Furthermore, some private sector companies use applicants’ credit reports as a means of screening them. If a company runs a credit check on you and sees a default on your record, that could ruin your chances of getting hired, since it could lead that employer to believe that you’re not financially responsible. This especially holds true if you’re applying for a job that requires you to handle or manage money.
Additionally, if you have a professional license that’s required to do your job, you’ll risk having it revoked once you default on your student loans. For example, depending on the state you live in, you may lose your license to teach or practice law.
Avoiding student loan default
Clearly, it’s best to avoid defaulting on your student loans. But what if you don’t have the money to keep up with your current payments?
If that’s the case, and you took out federal loans, there are different options at your disposal. First, you can try getting on an income-driven repayment plan, which will calculate your monthly loan payments as a reasonable percentage of your income, thereby making them more manageable. There’s also the option to defer your loans during a period of financial hardship, thereby getting yourself off the hook from making payments until your situation improves.
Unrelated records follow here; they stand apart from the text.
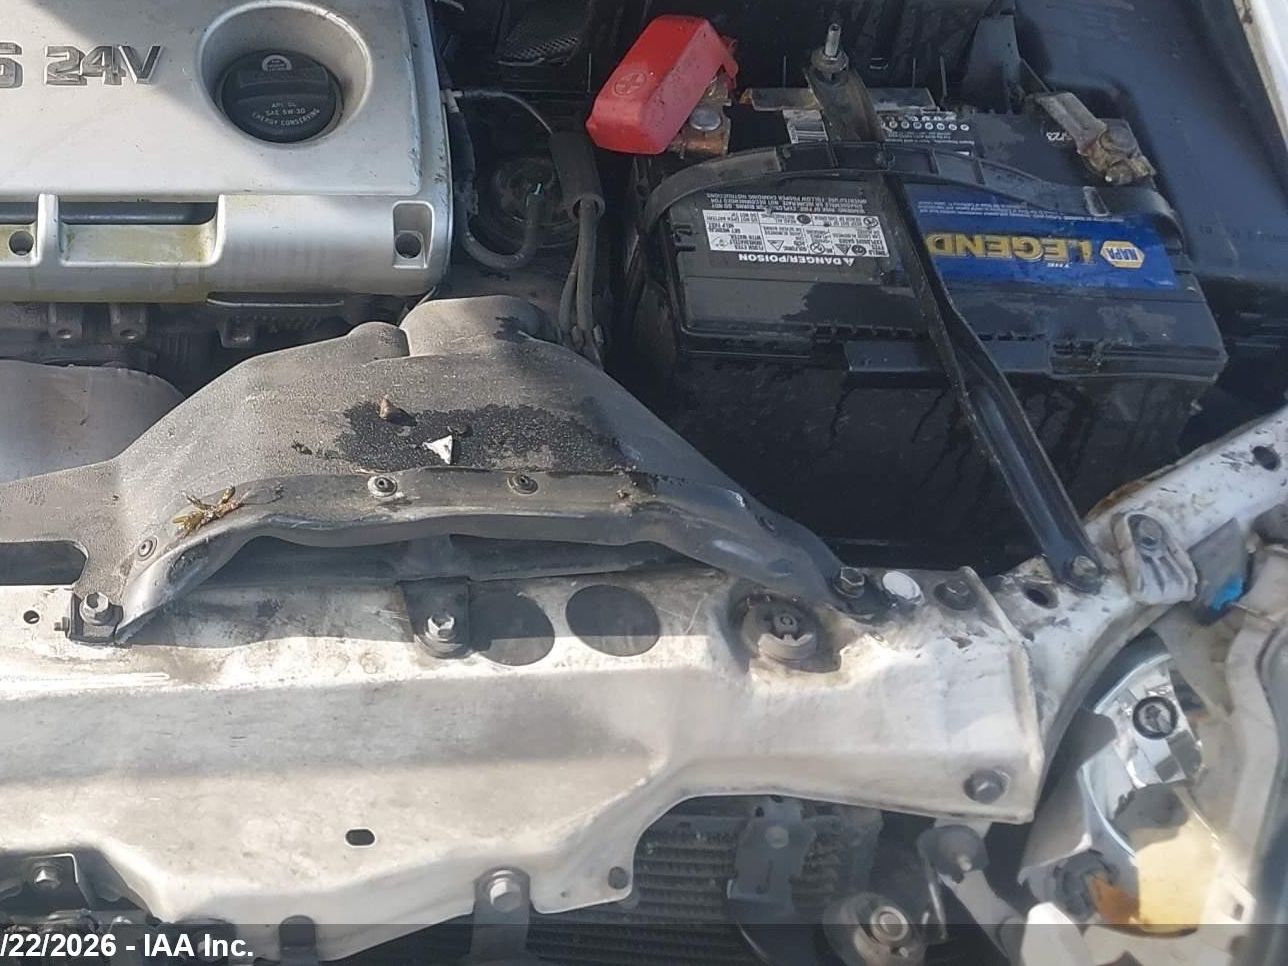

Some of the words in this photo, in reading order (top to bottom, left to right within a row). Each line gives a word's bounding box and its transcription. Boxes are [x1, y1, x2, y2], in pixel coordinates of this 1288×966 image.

[43, 43, 167, 87] 24V
[738, 253, 843, 265] DANGER/POISON
[1106, 247, 1138, 261] NAPA
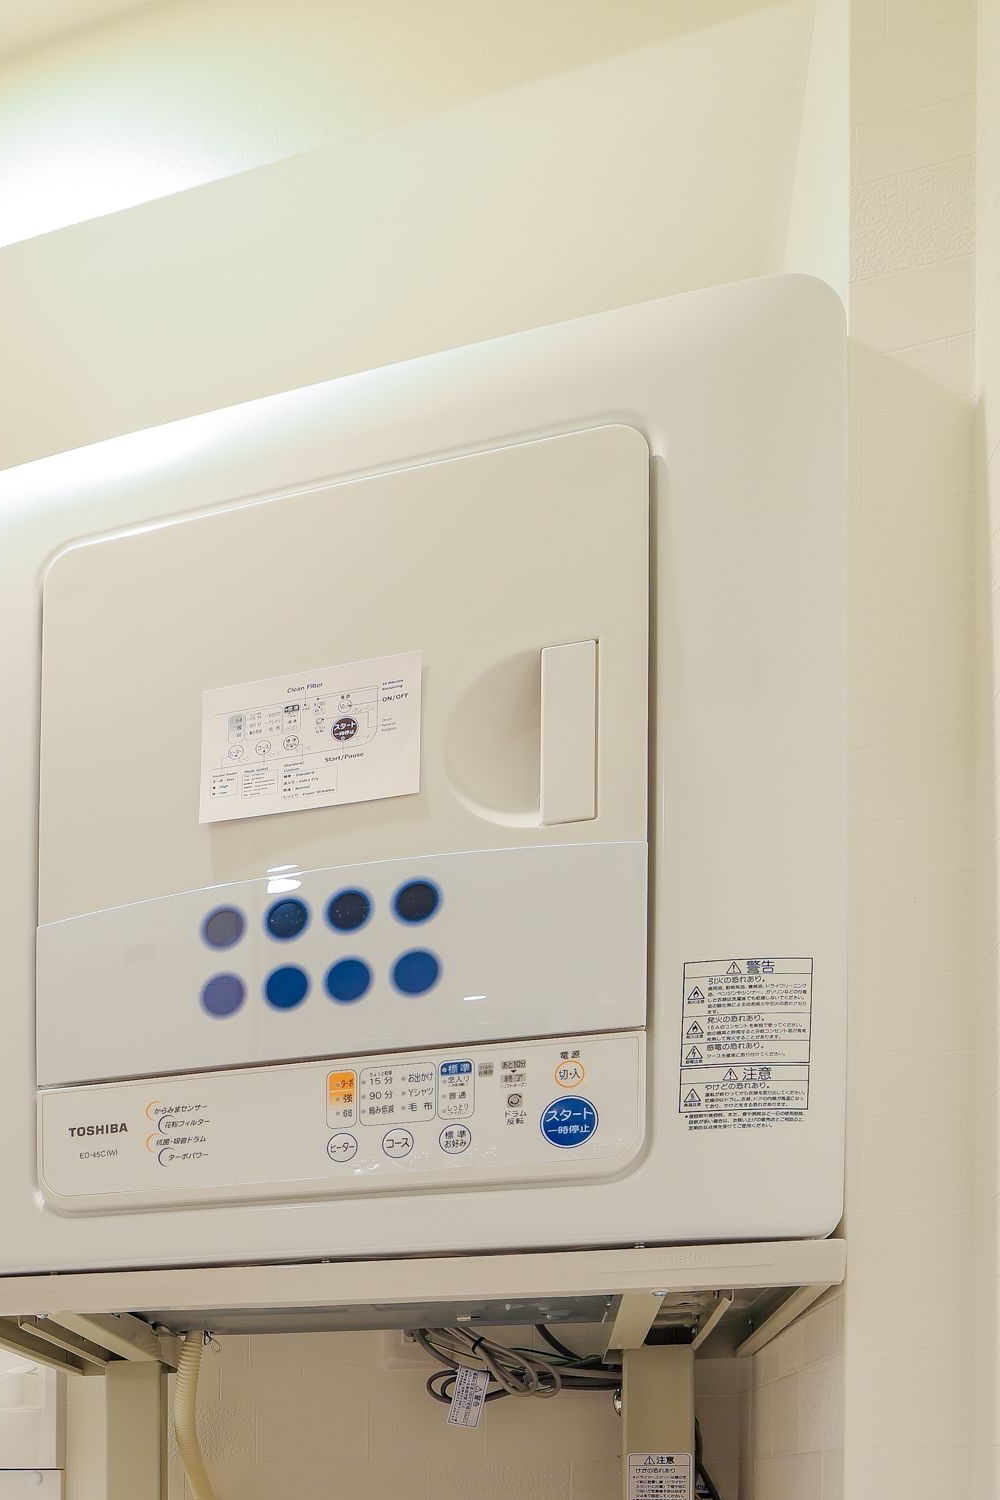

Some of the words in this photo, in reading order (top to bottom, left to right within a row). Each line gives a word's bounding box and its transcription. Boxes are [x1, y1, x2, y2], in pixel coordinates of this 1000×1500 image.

[287, 686, 305, 694] Clean
[306, 682, 323, 690] Filter
[382, 693, 409, 702] ON/OFF
[325, 751, 364, 763] Start/Pause
[746, 960, 775, 974] 警告
[408, 1073, 433, 1083] お出かけ
[742, 1066, 772, 1080] 注意
[369, 1091, 382, 1100] 90
[504, 1110, 527, 1118] ドラム
[547, 1107, 593, 1122] スタート
[69, 1122, 128, 1137] TOSHIBA
[547, 1124, 590, 1135] 一時停止
[330, 1142, 355, 1154] ヒーター
[386, 1138, 410, 1148] コース
[169, 1152, 208, 1161] ターボパワー
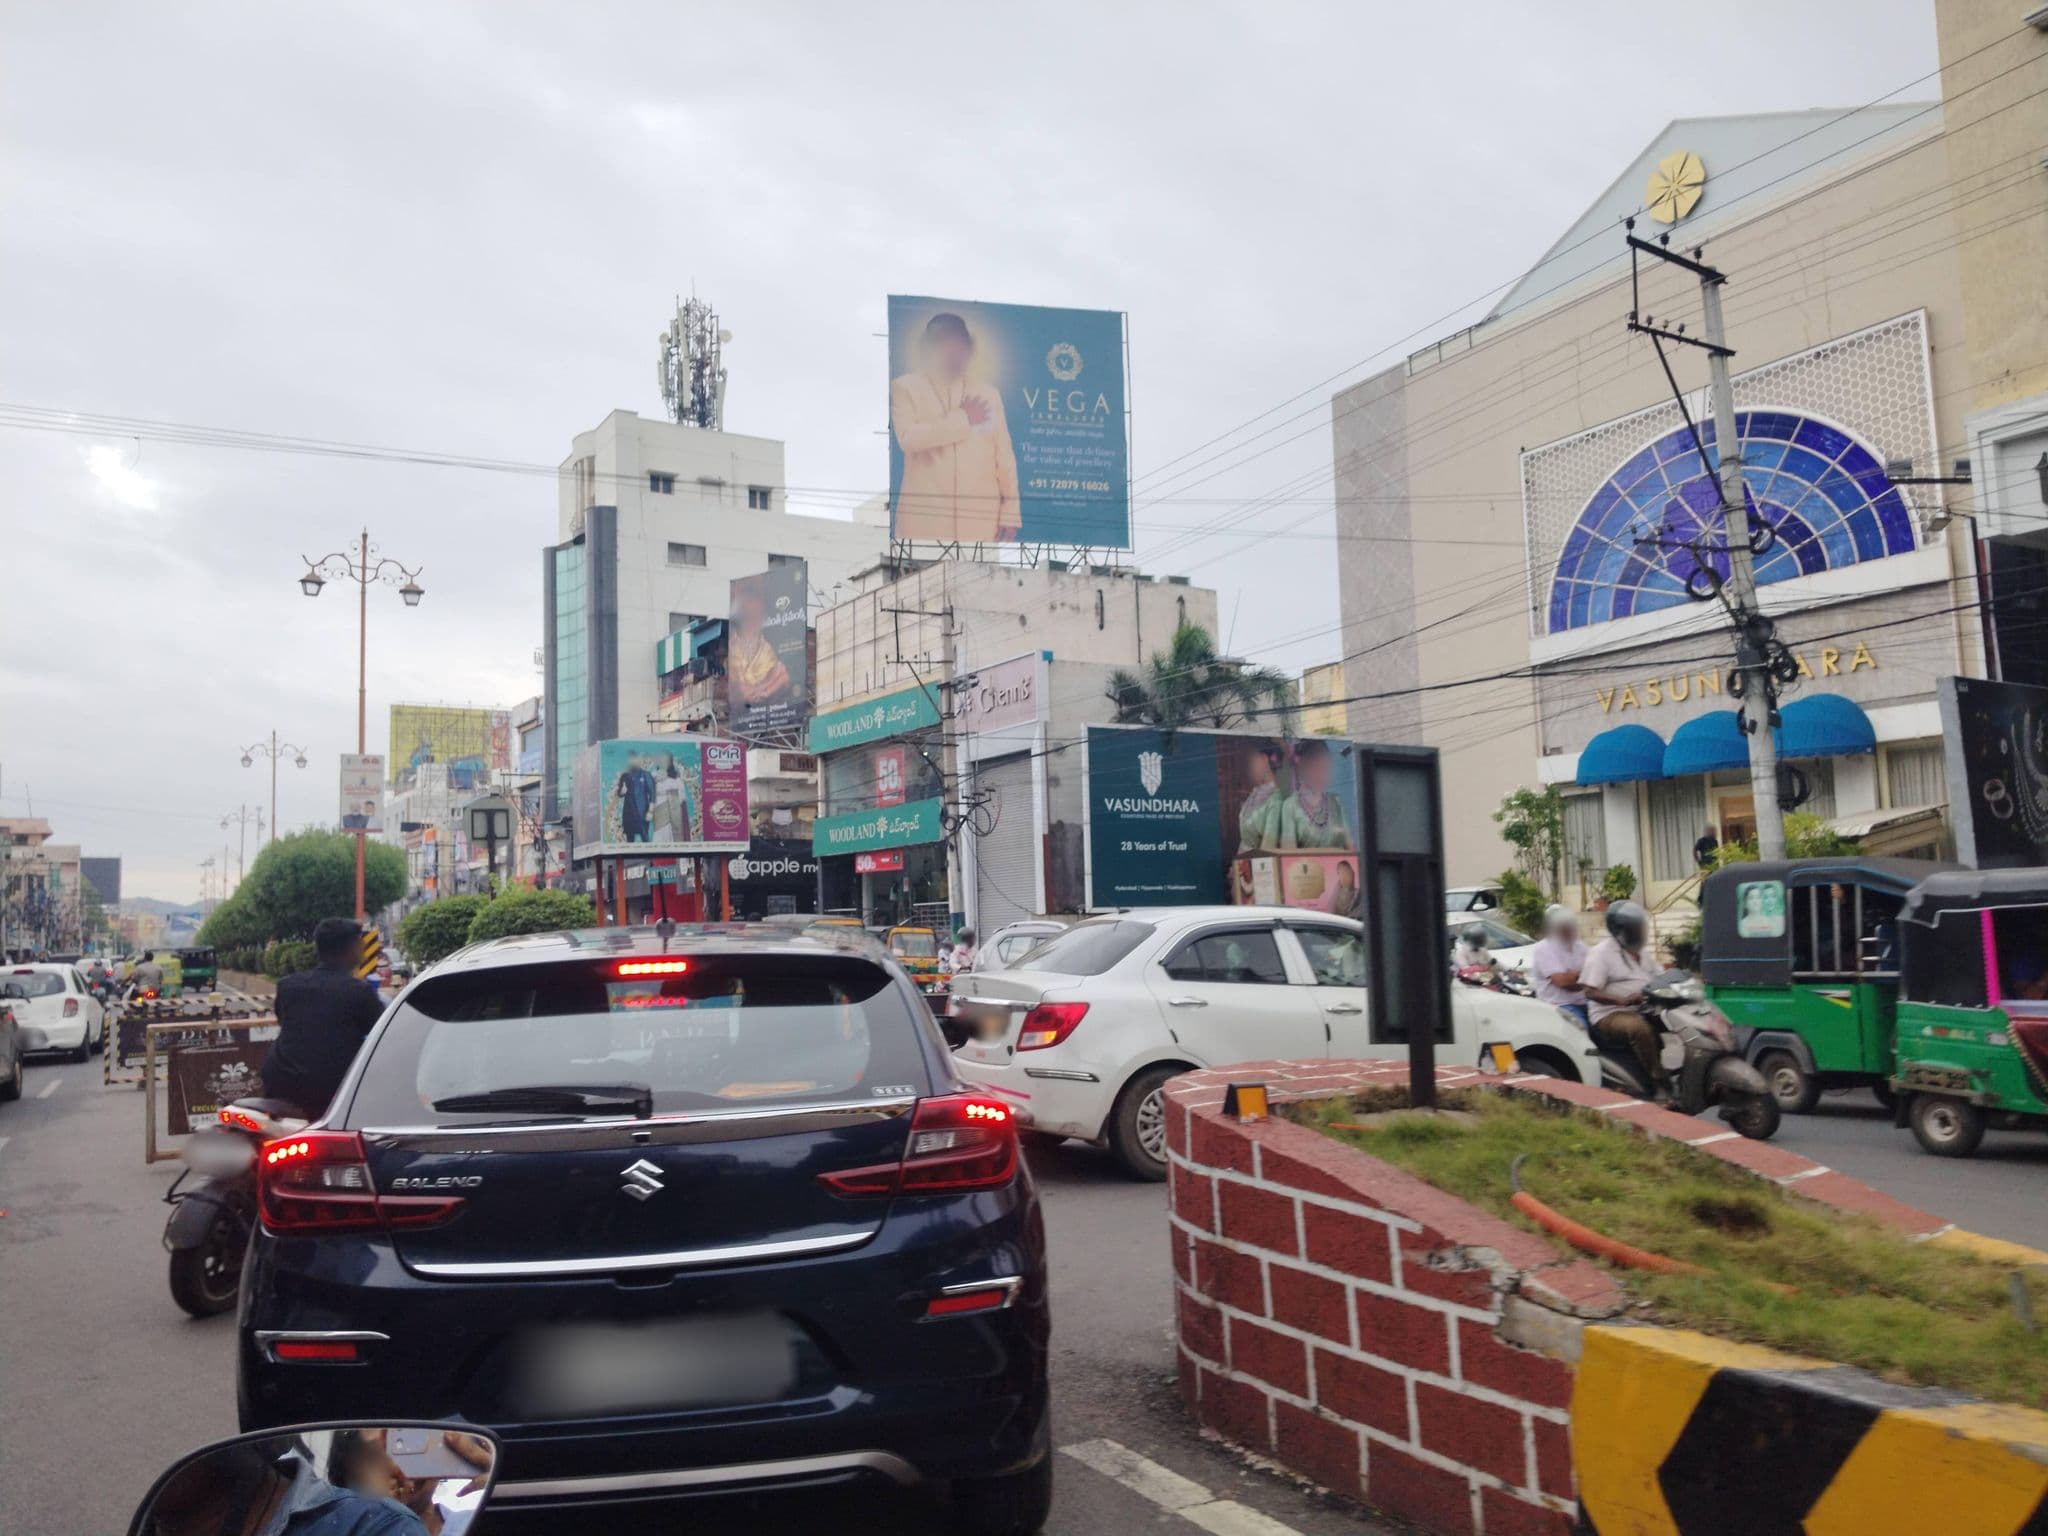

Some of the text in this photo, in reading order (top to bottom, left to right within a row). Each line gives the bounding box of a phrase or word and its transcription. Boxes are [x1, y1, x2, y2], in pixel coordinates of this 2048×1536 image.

[1023, 387, 1110, 414] VEGA
[1029, 479, 1047, 489] +91
[1597, 641, 1878, 714] VASUNARA
[827, 714, 874, 738] WOODLAND
[709, 746, 740, 760] CMR
[1105, 798, 1199, 813] VASUNDHARA
[829, 822, 876, 843] WOODLAND
[1121, 841, 1187, 851] 28 Years of Trust
[750, 857, 800, 876] apple
[192, 1104, 217, 1113] EXCLU
[392, 1176, 483, 1189] BALENO
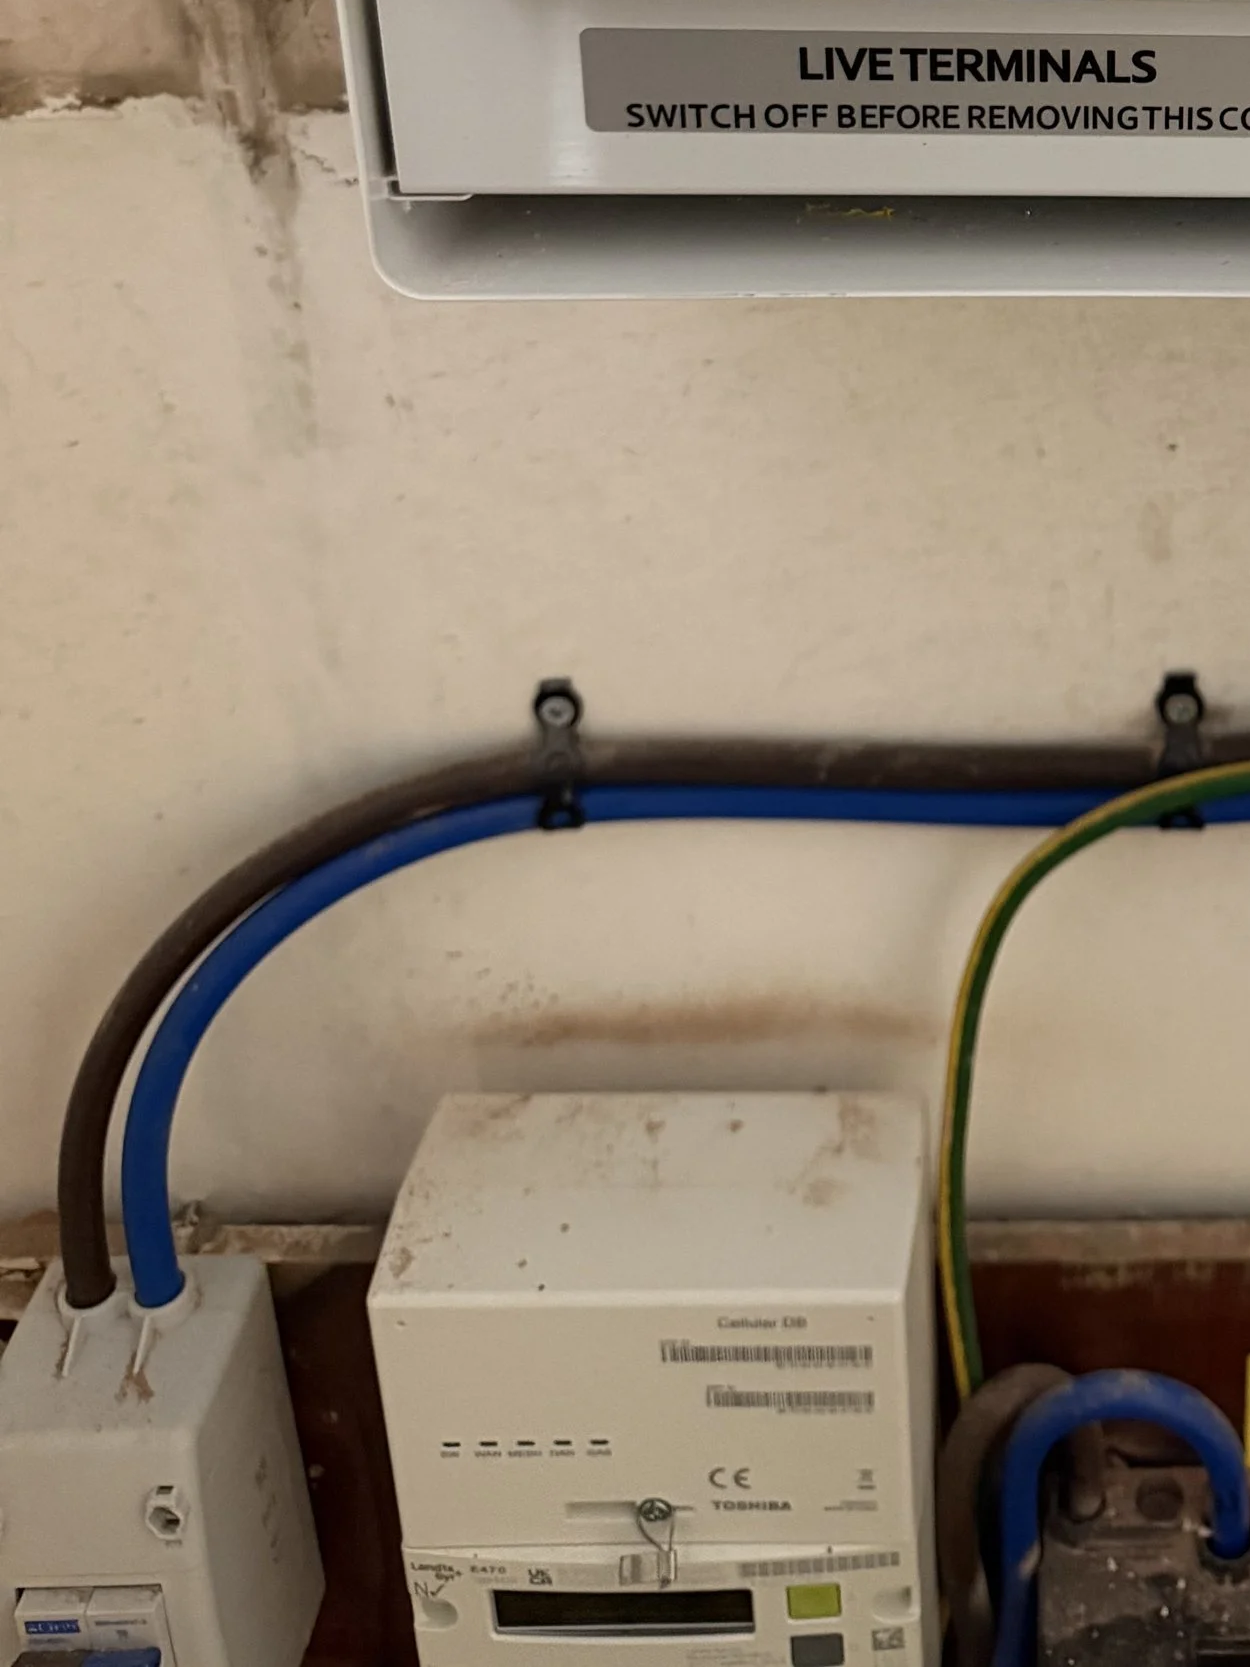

If you took out private college loans, reach out to your lender and be open about your struggles. Your lender wants to get paid, and as such, may agree to work with you to make that happen. That could mean lowering your monthly loan payments, allowing you to defer your payments for a period of time, or even both.
Getting out of default
If you’ve already defaulted on your federal student loans, a good option to explore is the student loan rehabilitation program. Under this program, you agree to make nine consecutive payments over a 10-month period to get current on your loan once again. Such a program doesn’t officially exist with private loans, but if you’re in default, you can contact your lender, express your desire to get out of default, and work out an arrangement that allows you to do that.
Defaulting on your student loans could prevent you from getting or keeping your job, so don’t let that happen. Explore your options for relief if you’re struggling to stay current on your payments, because chances are, you’ll be given some leeway if you reach out to your lender and ask for help.